I should note that Kaiser does have PPO options that you could consider adding, but they tend to be fairly expensive when looking at alternatives.
So your best bet is that PPO option I said you should have. Why? Because most PPOs have nationwide networks. Blue Shield is a particularly good example of this because of the Blue Card program. The Blue Card program allows members of Blue Shield to jump into the networks of Blue Cross/Blue Shield providers of other states while they are residing or travelling there.
What that means if that if you have an employee in Washington, they can enroll in your Blue Shield of California PPO and use Blue Cross/Blue Shield of Washington healthcare providers as an in-network service.
If you’re a large enough employer (51+ employees in California,) you can also look at level-funded or self-funded PPOs so you can lease large nationwide networks like Multiplan or First Health.
Still Don’t Think You Should Have PPO Health Insurance for Out of State Employees?
Consider this case study from one of my clients. In fact, the very reason that inspired me to make this post.
A small group client of mine did not heed my advice to have a PPO option as a “ghost plan” (A plan that is available to the group, although no one enrolls in it.) No one wanted the PPO plan because it costed more, so the group’s administrative contact told me not to make it available to anyone at their renewal.
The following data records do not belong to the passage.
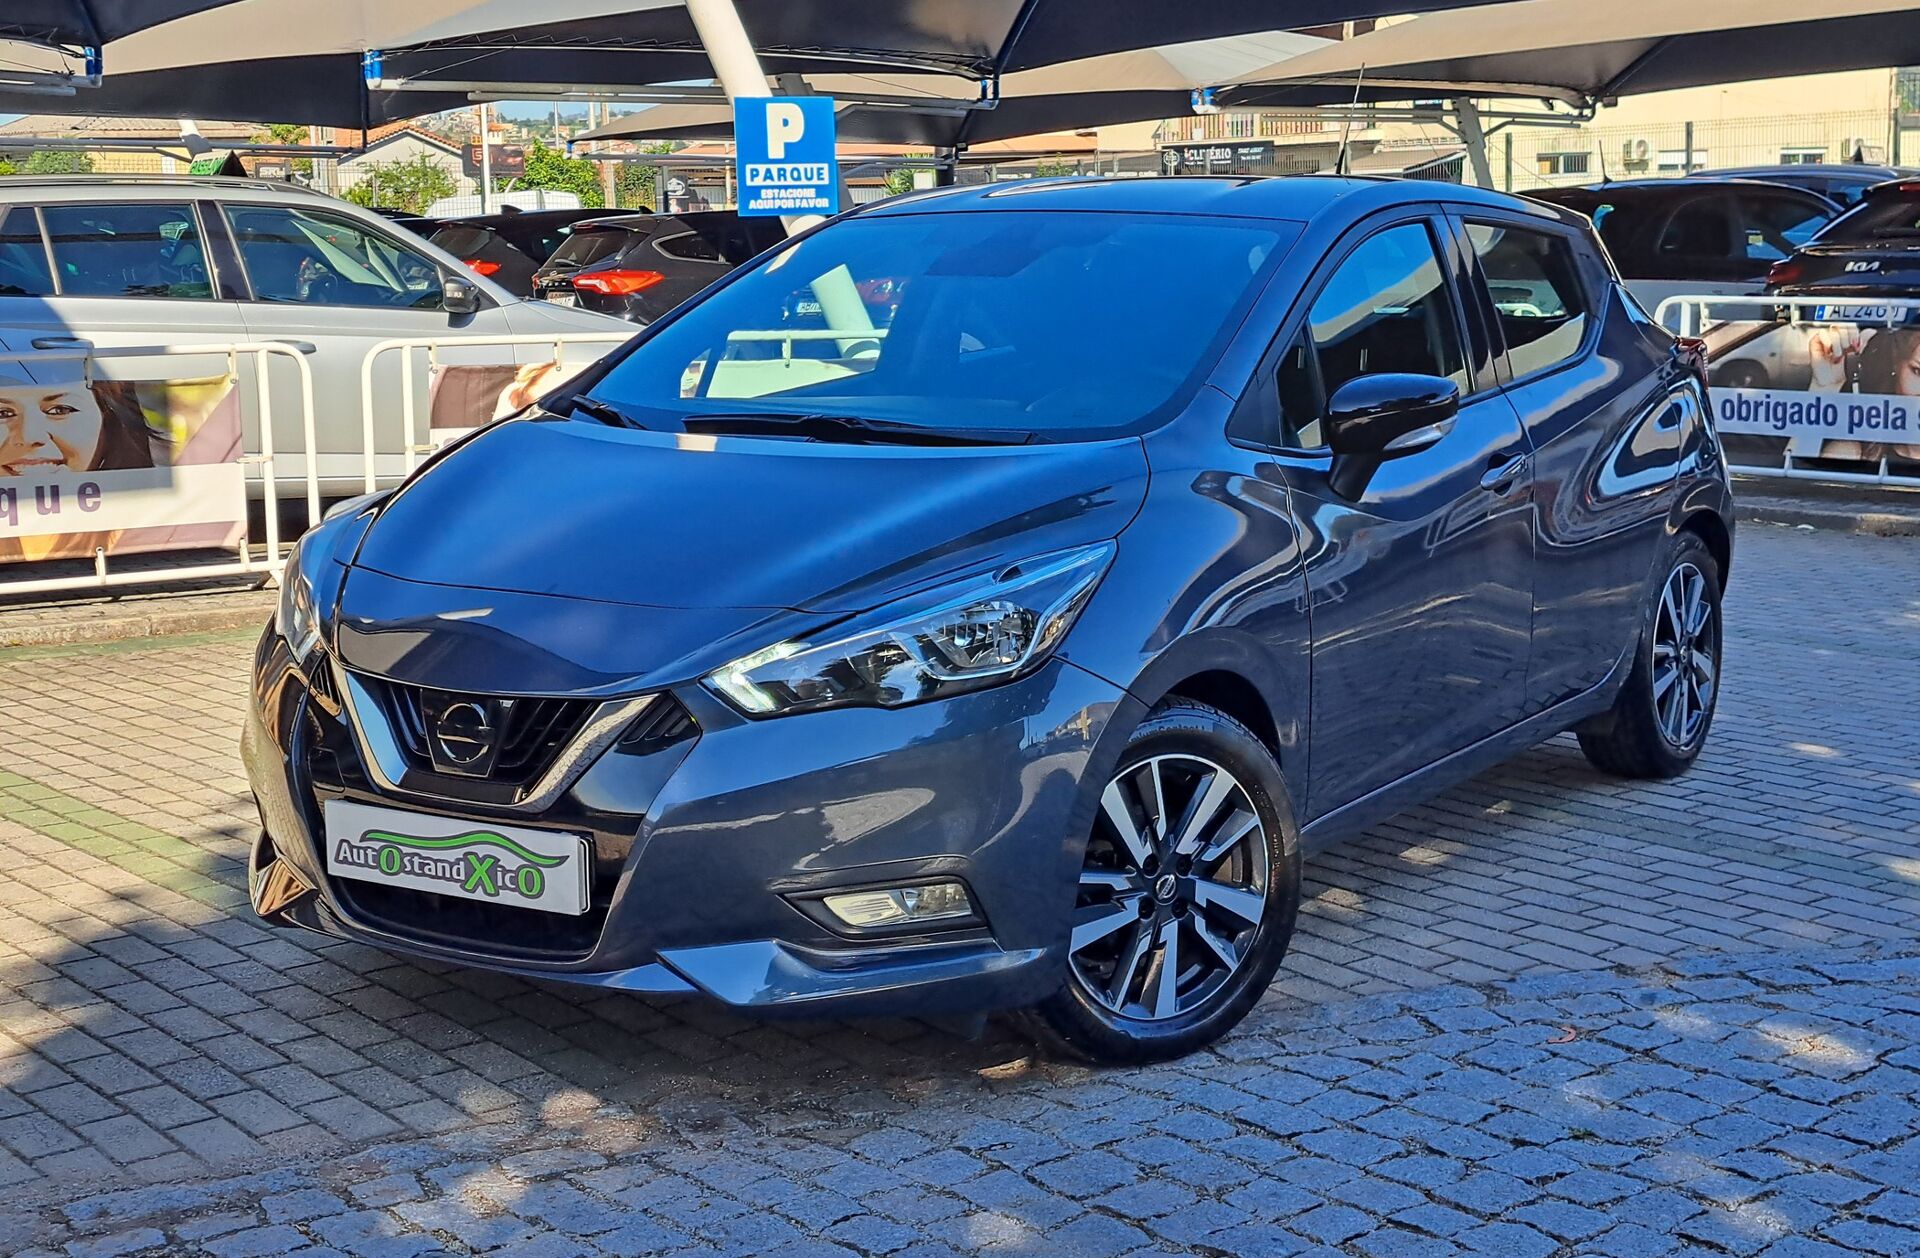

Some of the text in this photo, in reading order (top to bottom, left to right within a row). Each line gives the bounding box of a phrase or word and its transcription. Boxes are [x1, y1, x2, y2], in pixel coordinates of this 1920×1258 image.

[766, 103, 805, 159] P
[749, 166, 826, 183] PARQUE
[761, 187, 816, 200] ESTACIONE
[748, 198, 830, 210] AQUI POR FAVOR
[1720, 393, 1838, 431] obrigado
[1848, 400, 1906, 434] pela
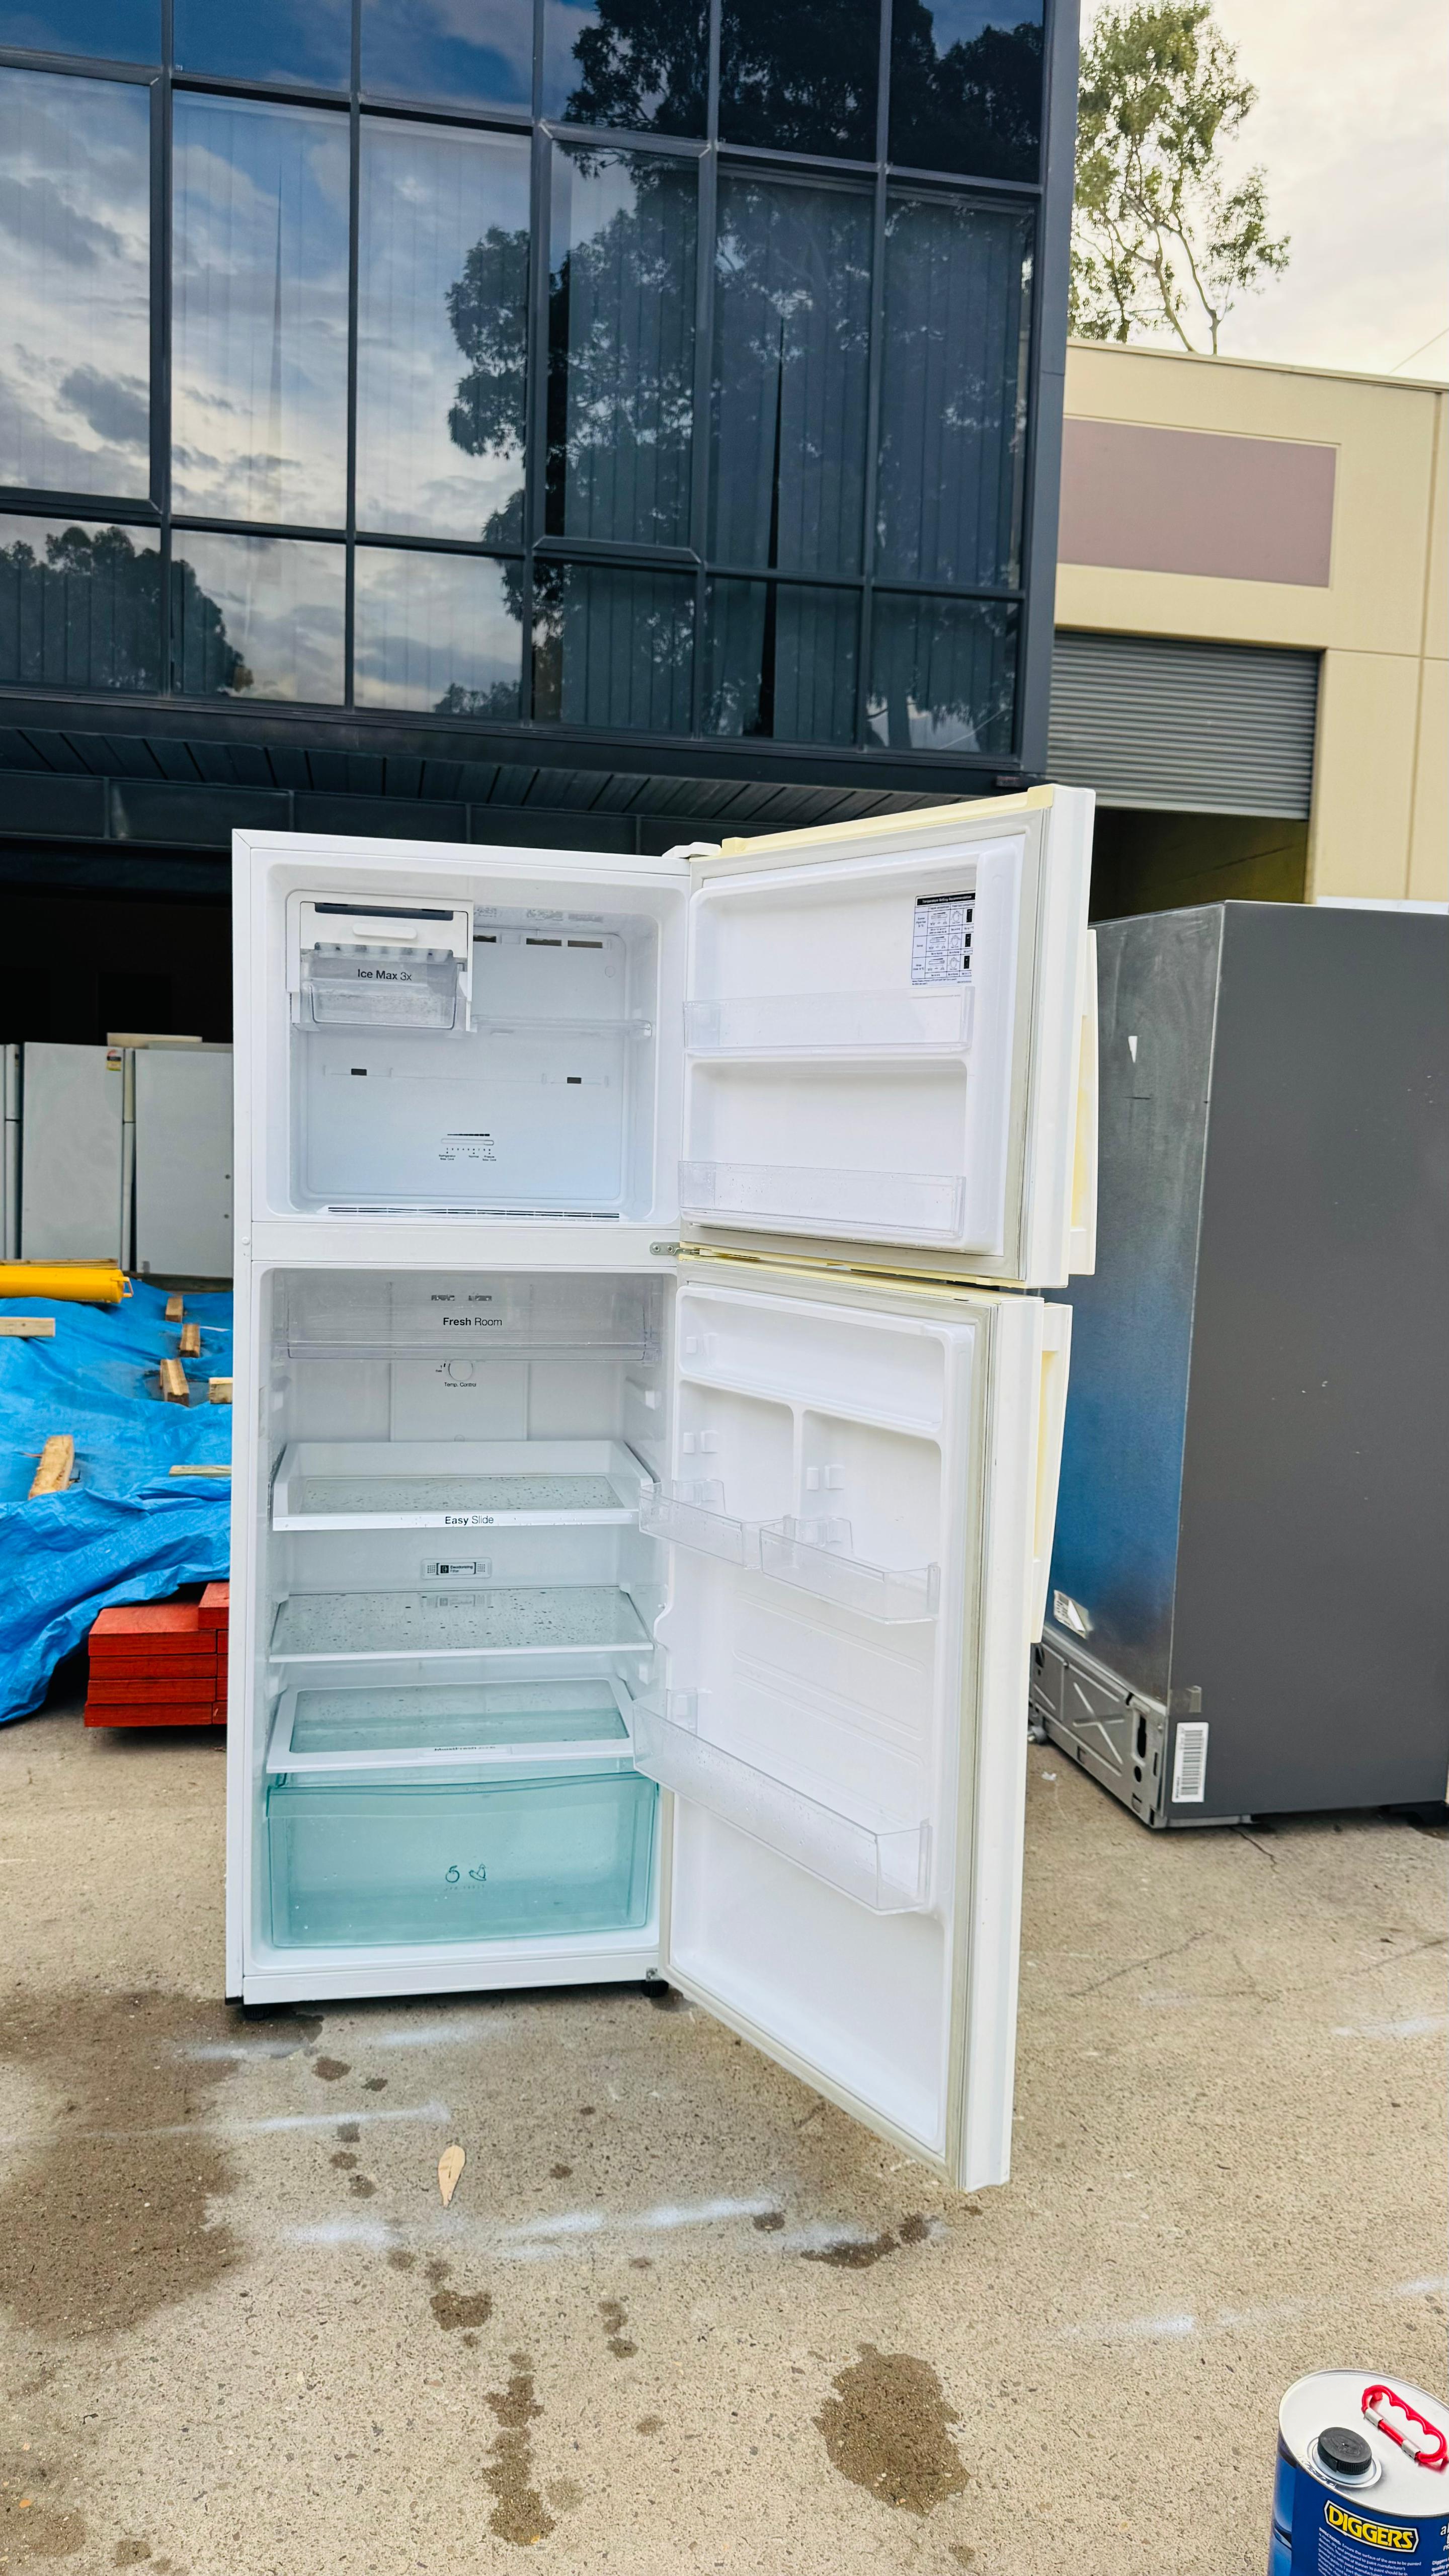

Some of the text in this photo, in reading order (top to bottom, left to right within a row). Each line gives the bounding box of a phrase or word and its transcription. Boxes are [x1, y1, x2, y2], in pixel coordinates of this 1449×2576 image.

[358, 969, 412, 981] Ice Max 3x
[443, 1317, 502, 1326] Fresh Room
[445, 1515, 494, 1525] Easy Slide
[1329, 2505, 1413, 2549] DIGGERS
Fast forward about a half-year later.
I catch wind of an employee that is leaving the company. It’s not all that uncommon as I typically do the benefit administration for all of my group clients. I was being advised that an employee was leaving the company because they needed to be removed from the group’s health plan.
I do as I usually do and reach out to the employee. I don’t often get the details of what happened, so I like to call or email employees as they exit a company. It’s good to have a conversation about what their options are (COBRA, enrolling in an individual plan, Medi-Cal, etc.) It can be a confusing time for a lot of people, so I do my best to make the change into a smooth transition for everyone.
Anyway, she told me she was leaving the company because she head to move her family “back home” to Arizona to take care of her ill mother-in-law. After hearing this, I asked her if I could call her back later. I wanted to get more information available.
Here’s the thing. I recognized the employee by name. She was with the company a long time so I figured she must have been valuable. I called the group’s contact and asked her if it’d be possible for the exiting employee to work remotely instead. The answer I received nearly blew my mind.
The only reason the employee was leaving the company was because she wouldn’t have health insurance unless she took a job offer from an employer in Arizona. Remember, health insurance benefits is the second most important thing an employer can offer to an employee.
Long story short, we were able to add a PPO option for the employee. It took an underwriting exception and an appeal to get it down, but we got it done. The employee was able to go to Arizona with her family and keep her job. The employer avoided losing a valuable employee and didn’t have to pay any additional premiums out of their pocket for it by keeping the same contribution level and letting the employee pay the difference.
There are two lessons to be learned, here. 1) If they had a PPO option available in the first place, this whole fiasco could have been avoided and 2) you, as an employer, should be in consistent contact with your broker about your human resources needs. A good broker is a natural problem-solver and will thrive on overcoming obstacles.